Change of Variables in Double Volume Integral

• I
pherytic
In Greiner's Classical Electromagnetism book (page 126) he has a derivation equivalent to the following.
$$\int_V d^3r^{'} \nabla \int_V d^3r^{''}\frac {f(\bf r^{''})}{|\bf r + \bf r^{'}- \bf r^{''}|}$$

$$\bf z = \bf r^{''} - \bf r^{'}$$

$$\int_V d^3r^{'} \nabla \int_V d^3z \frac {f(\bf z + \bf r^{'})}{|\bf r - \bf z|}$$

$$\nabla\int_V d^3z \frac{1}{|\bf r - \bf z|} \int_V d^3r^{'} {f(\bf z + \bf r^{'})}$$

The book says that after the change of variables to z, it is okay to just move the 1/|r-z| term out of the r' integral. But this doesn't make sense to me, given z is still a function of r'. Am I missing something or is this mathematically incorrect?

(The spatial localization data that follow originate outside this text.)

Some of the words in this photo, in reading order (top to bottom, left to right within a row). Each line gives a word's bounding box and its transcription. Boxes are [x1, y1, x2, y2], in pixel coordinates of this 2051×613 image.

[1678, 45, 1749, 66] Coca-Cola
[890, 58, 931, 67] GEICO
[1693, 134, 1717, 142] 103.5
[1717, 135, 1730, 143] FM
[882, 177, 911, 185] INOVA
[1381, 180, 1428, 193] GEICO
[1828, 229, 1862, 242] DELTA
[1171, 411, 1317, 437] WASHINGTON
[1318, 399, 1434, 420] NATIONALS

The integration with respect to $\mathbf{r}'$ is with $\mathbf{z}$ held constant. You have replaced the independent variables $\mathbf{r}'$ and $\mathbf{r}''$ with the independent variables $\mathbf{r}'$ and $\mathbf{z}$ by replacing $\mathbf{r}''$ with $\mathbf{r}' + \mathbf{z}$. It then makes sense to do the integral over $\mathbf{r}'$ first, precisely because you can regard $\|\mathbf{r} - \mathbf{z}\|$ as constant while doing so. The domain of integration will have changed because we require both $\mathbf{r}' \in V$ and $\mathbf{r}' + \mathbf{z} \in V$.